[[ AVAILABLE DATA open ]]

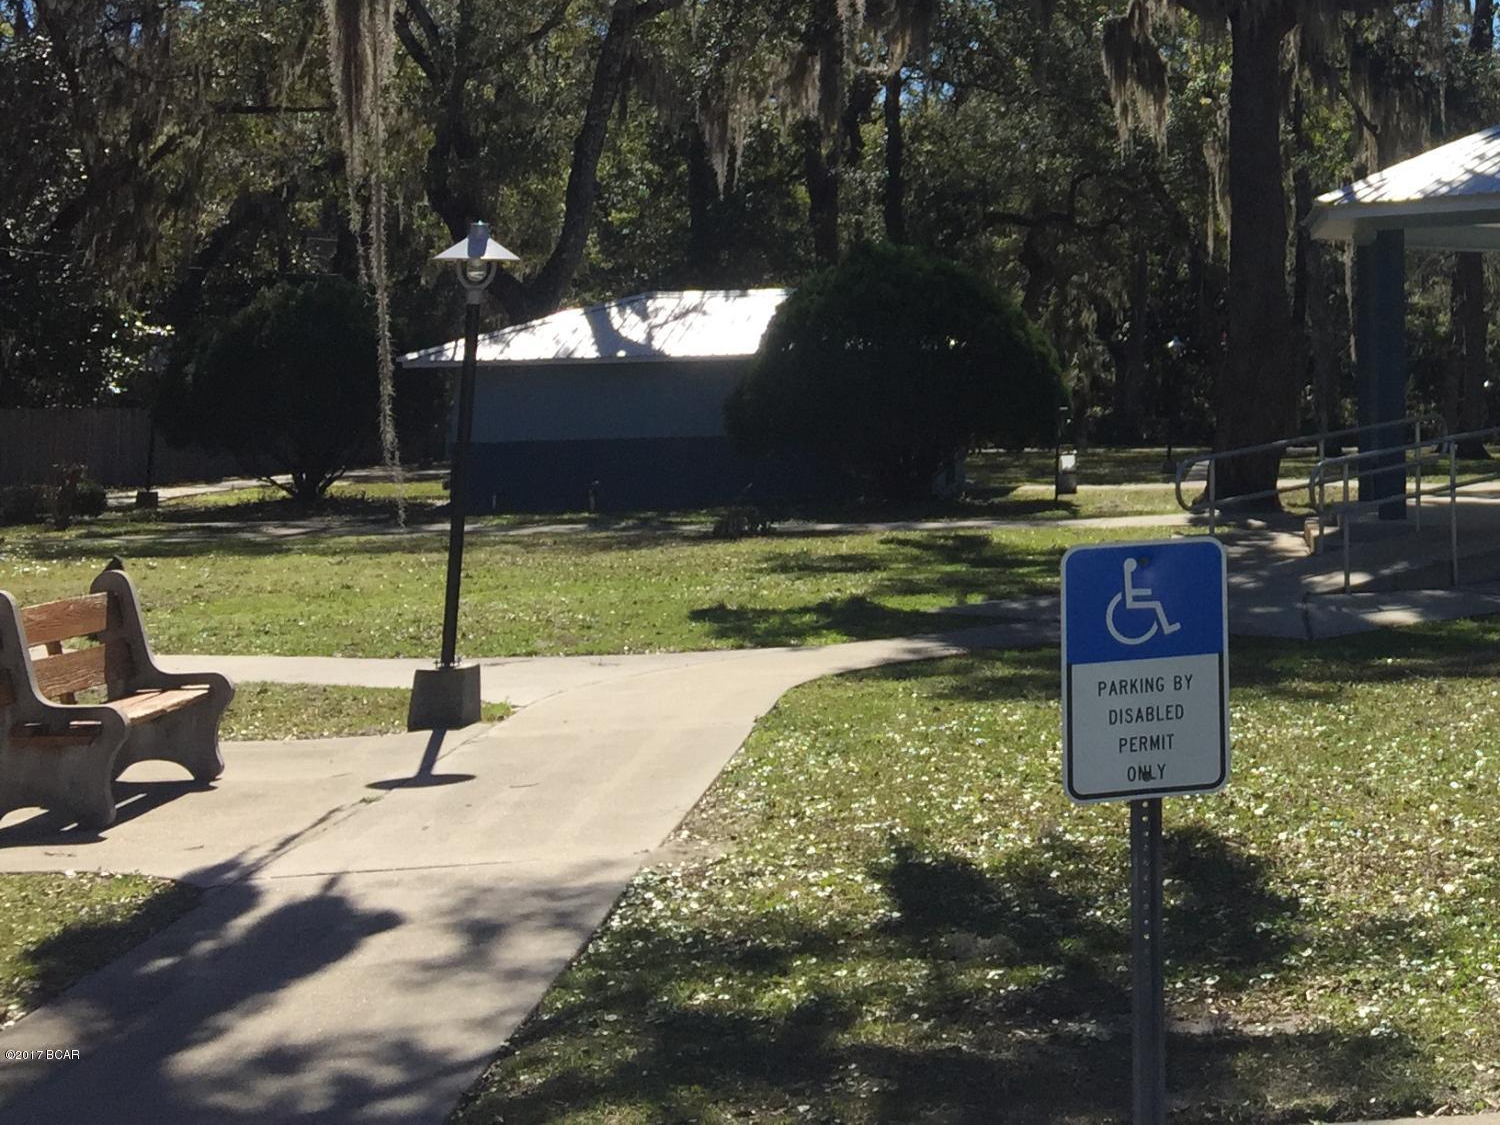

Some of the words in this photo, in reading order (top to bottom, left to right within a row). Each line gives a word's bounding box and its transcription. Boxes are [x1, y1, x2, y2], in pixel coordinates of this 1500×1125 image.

[1098, 676, 1165, 696] PARKING
[1173, 674, 1193, 691] BY
[1109, 704, 1184, 725] DISABLED
[1119, 734, 1175, 753] PERMIT
[1127, 763, 1166, 782] ONLY

[[ AVAILABLE DATA closed ]]

- _ABOUT THIS TASK_
Restate the entries above word for word, minus the pictures.

- _OUTPUT BELOW_
Some of the words in this photo, in reading order (top to bottom, left to right within a row). Each line gives a word's bounding box and its transcription. Boxes are [x1, y1, x2, y2], in pixel coordinates of this 1500×1125 image.

[1098, 676, 1165, 696] PARKING
[1173, 674, 1193, 691] BY
[1109, 704, 1184, 725] DISABLED
[1119, 734, 1175, 753] PERMIT
[1127, 763, 1166, 782] ONLY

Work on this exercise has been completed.